_SOURCE DATA_:
== == ==

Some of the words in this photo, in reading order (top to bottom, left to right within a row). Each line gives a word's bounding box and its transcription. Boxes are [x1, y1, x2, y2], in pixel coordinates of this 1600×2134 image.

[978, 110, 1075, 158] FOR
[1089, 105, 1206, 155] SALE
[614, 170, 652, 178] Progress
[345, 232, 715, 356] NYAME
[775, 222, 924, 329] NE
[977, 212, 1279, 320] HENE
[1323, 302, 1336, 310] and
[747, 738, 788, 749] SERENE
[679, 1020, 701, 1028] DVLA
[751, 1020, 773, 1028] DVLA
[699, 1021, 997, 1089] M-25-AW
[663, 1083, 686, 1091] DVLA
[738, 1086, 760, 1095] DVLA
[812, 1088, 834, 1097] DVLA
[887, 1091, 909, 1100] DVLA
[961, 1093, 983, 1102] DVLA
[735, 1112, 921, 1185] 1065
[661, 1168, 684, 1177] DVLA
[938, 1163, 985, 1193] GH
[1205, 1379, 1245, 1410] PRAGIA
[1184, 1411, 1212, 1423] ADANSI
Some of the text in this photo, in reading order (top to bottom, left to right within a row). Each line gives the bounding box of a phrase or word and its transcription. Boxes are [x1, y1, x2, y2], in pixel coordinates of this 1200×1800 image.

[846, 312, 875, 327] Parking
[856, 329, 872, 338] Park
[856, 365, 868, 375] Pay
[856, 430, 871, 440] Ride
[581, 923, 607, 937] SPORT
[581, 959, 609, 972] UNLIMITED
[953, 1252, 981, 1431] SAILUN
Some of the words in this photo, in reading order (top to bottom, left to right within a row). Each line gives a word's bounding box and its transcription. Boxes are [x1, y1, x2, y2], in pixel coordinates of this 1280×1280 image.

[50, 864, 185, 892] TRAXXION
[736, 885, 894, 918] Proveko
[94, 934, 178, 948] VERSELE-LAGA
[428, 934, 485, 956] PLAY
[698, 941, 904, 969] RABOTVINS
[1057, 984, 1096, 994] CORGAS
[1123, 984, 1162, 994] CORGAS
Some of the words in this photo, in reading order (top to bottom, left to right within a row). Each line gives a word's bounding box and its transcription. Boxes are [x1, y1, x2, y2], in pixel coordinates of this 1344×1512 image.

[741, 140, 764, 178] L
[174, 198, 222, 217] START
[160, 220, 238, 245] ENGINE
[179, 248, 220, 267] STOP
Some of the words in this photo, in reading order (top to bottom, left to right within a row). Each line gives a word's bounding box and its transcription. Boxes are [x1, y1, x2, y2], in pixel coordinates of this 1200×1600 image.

== == ==

Nothing but the lines from the one containing "this 1344×1512 image." through the end of the material should appear; please return them exactly.

_WRITTEN RESPONSE_:
Some of the words in this photo, in reading order (top to bottom, left to right within a row). Each line gives a word's bounding box and its transcription. Boxes are [x1, y1, x2, y2], in pixel coordinates of this 1344×1512 image.

[741, 140, 764, 178] L
[174, 198, 222, 217] START
[160, 220, 238, 245] ENGINE
[179, 248, 220, 267] STOP
Some of the words in this photo, in reading order (top to bottom, left to right within a row). Each line gives a word's bounding box and its transcription. Boxes are [x1, y1, x2, y2], in pixel coordinates of this 1200×1600 image.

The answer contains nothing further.